The primary service is called [gms](../../gms) and exposes a REST API for performing CRUD operations on metadata. The metadata service also exposes search and graph query API-s to support secondary-index style queries, full-text search queries as well as relationship queries like lineage. In addition, the [datahub-frontend](../../datahub-frontend) and [datahub-gms-graphql](../../datahub-gms-graphql-service) services expose a GraphQL API on top of the metadata graph.
The DataHub Metadata Service (gms) persists metadata in a document store (could be an RDBMS like MySQL, Postgres or a key-value store like Couchbase etc.).
The DataHub Service Tier also emits a commit event [Metadata Audit Event (MAE)] when a metadata change has been successfully committed to persistent storage. This event is sent over Kafka.
The MAE stream is a public API and can be subscribed to by external systems providing an extremely powerful way to react in real-time to changes happening in metadata. For example, you could build an access control enforcer that reacts to change in metadata (e.g. a previously world-readable dataset now has a pii field) to immediately lock down the dataset in question.
Note that not all MCE-s will result in an MAE, because the DataHub serving tier will ignore any duplicate changes to metadata.
[MAE]-s are consumed by another Kafka Streams job, [mae-consumer-job], which applies the changes to the [graph] and [search index] accordingly.
The job is entity-agnostic and will execute corresponding graph & search index builders, which will be invoked by the job when a specific metadata aspect is changed.
The builder should instruct the job how to update the graph and search index based on the metadata change.
The builder can optionally use [Remote DAO] to fetch additional metadata from other sources to help compute the final update.
To ensure that metadata changes are processed in the correct chronological order, MAEs are keyed by the entity [URN] — meaning all MAEs for a particular entity will be processed sequentially by a single Kafka streams thread.

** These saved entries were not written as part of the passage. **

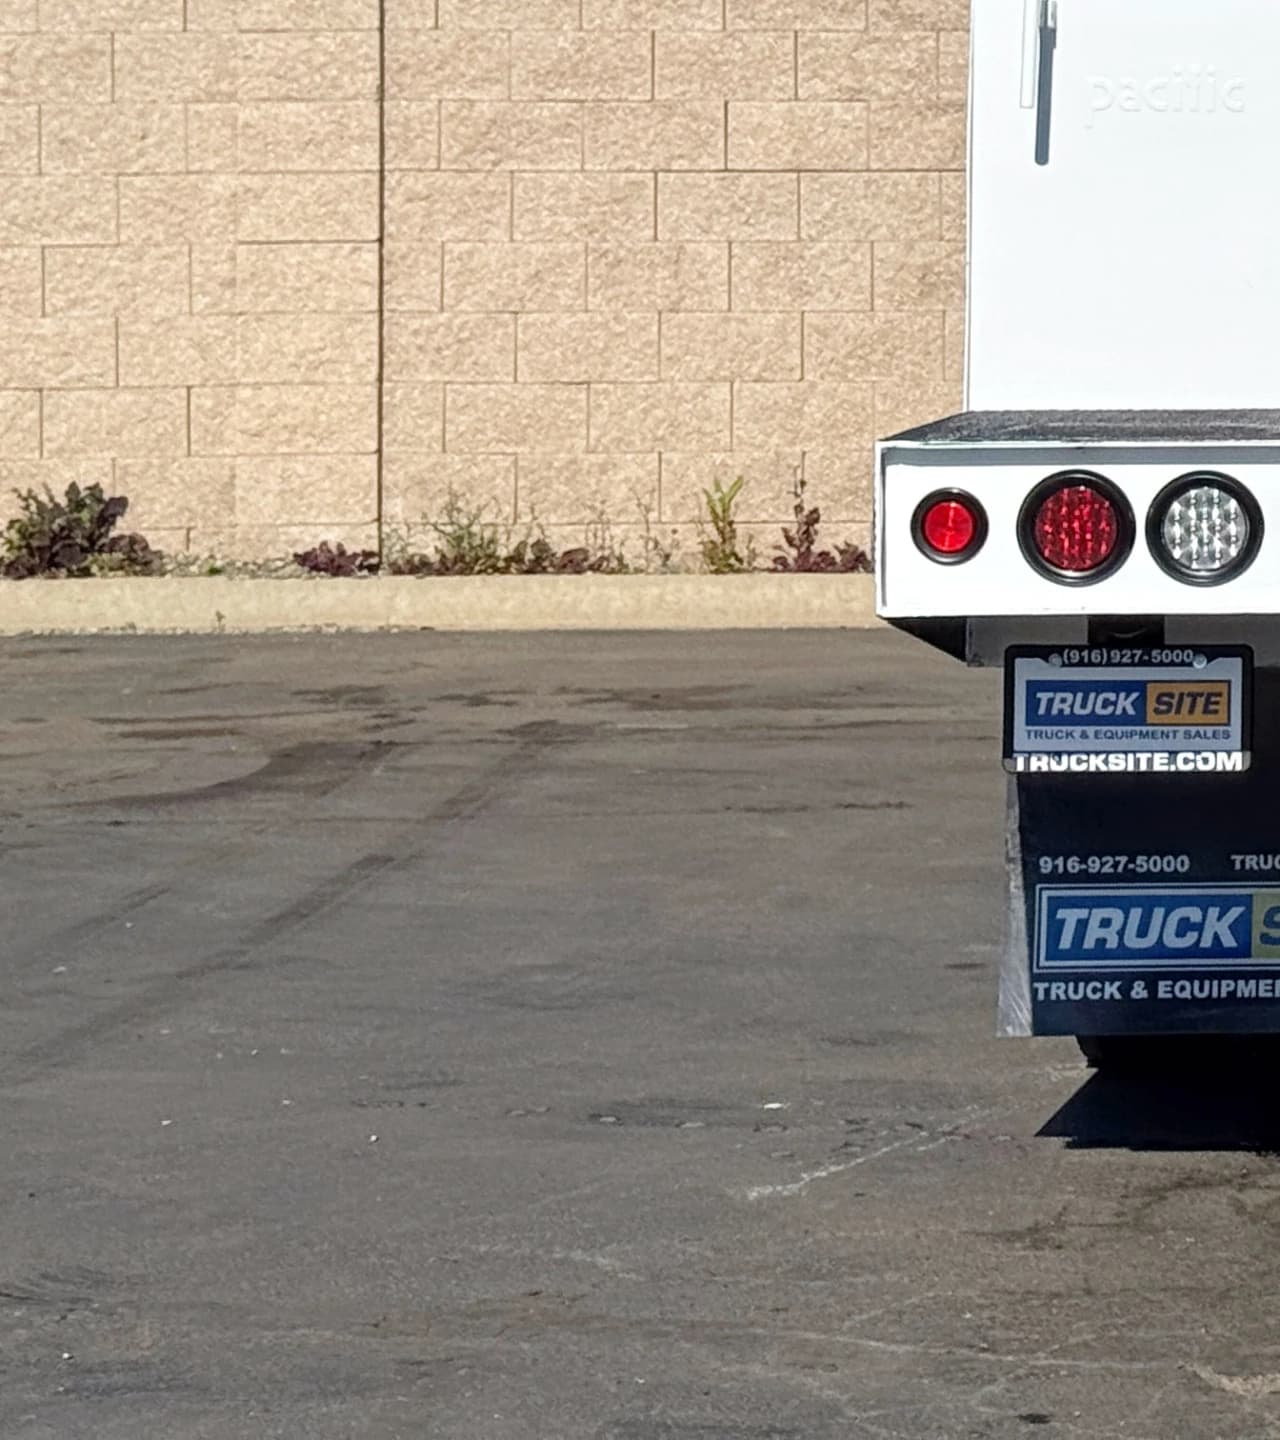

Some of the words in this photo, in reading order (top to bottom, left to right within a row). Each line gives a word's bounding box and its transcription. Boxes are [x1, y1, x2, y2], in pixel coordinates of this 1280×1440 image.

[1063, 648, 1108, 665] (916)
[1111, 648, 1195, 664] 927-5000
[1035, 691, 1141, 716] TRUCK
[1152, 691, 1224, 716] SITE
[1025, 729, 1077, 741] TRUCK
[1079, 729, 1090, 740] &
[1094, 729, 1180, 741] EQUIPMENT
[1183, 729, 1231, 740] SALES
[1013, 751, 1243, 772] TRUCKSITE.COM
[1038, 855, 1191, 874] 916-927-5000
[1055, 906, 1247, 950] TRUCK
[1034, 981, 1122, 1001] TRUCK
[1130, 981, 1149, 999] &
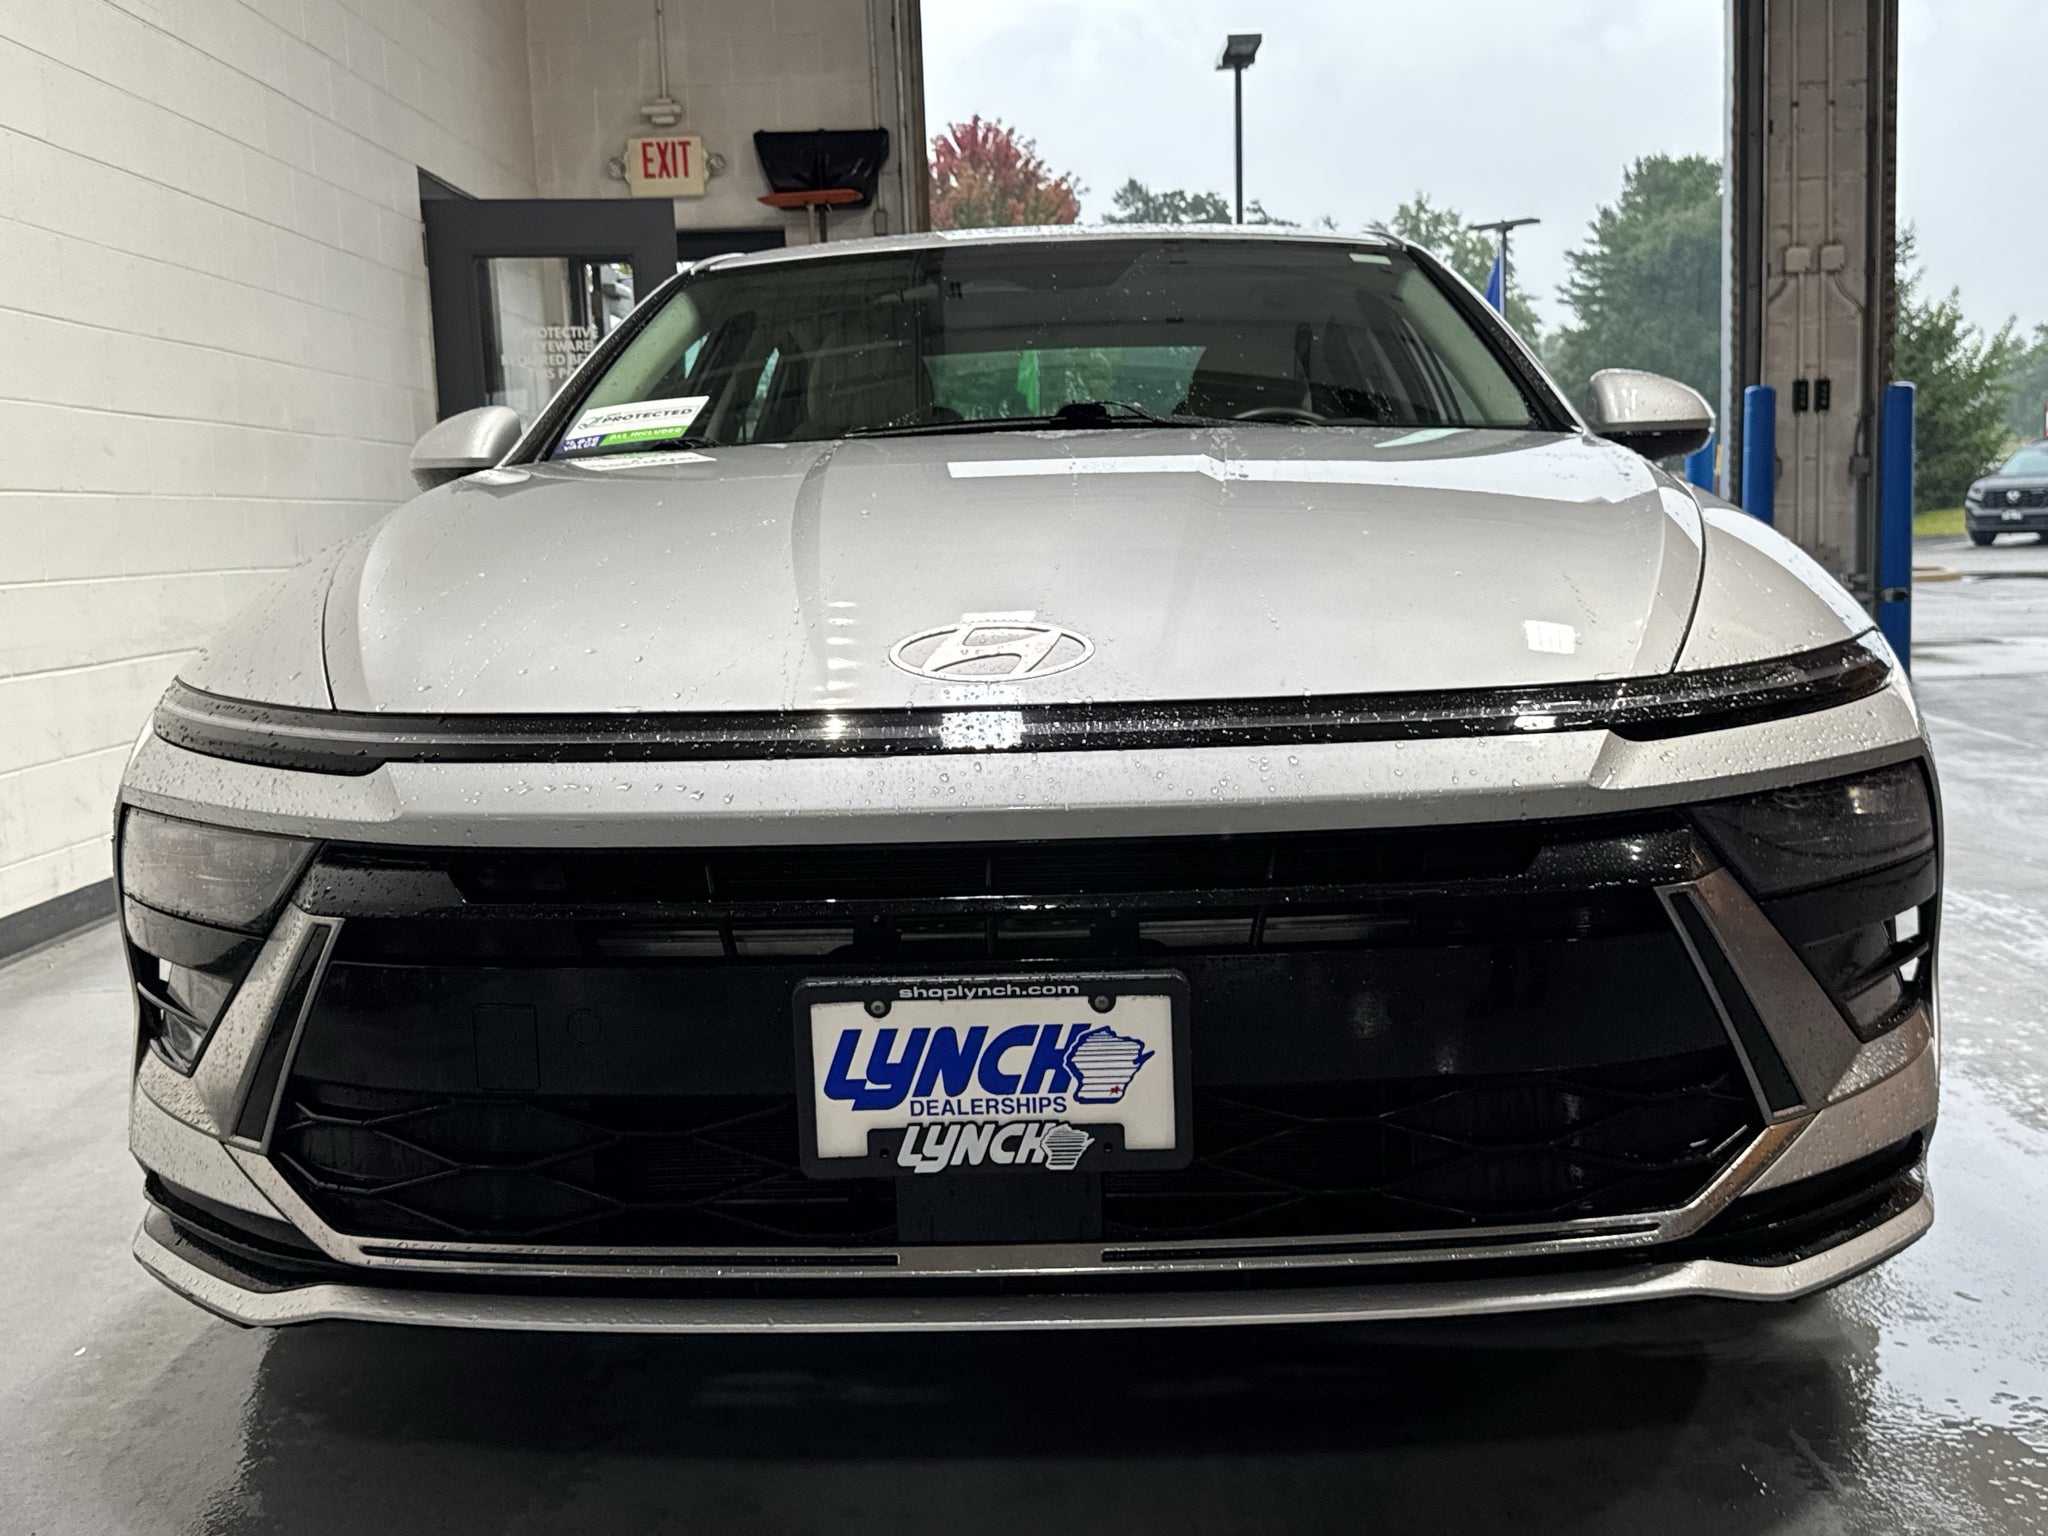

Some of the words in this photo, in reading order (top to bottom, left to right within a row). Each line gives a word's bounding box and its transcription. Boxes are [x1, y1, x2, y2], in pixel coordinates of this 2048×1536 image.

[641, 141, 691, 178] EXIT
[602, 408, 693, 424] PROTECTED
[899, 984, 1079, 1000] shoplynch.com
[824, 1023, 1092, 1111] LYNCH
[910, 1096, 1067, 1117] DEALERSHIPS
[897, 1121, 1060, 1173] LYNCH

Primary-key based reads (e.g. getting schema metadata for a dataset based on the `dataset-urn`) on metadata are routed to the document store. Secondary index based reads on metadata are routed to the search index (or alternately can use the strongly consistent secondary index support described [here]()). Full-text and advanced search queries are routed to the search index. Complex graph queries such as lineage are routed to the graph index.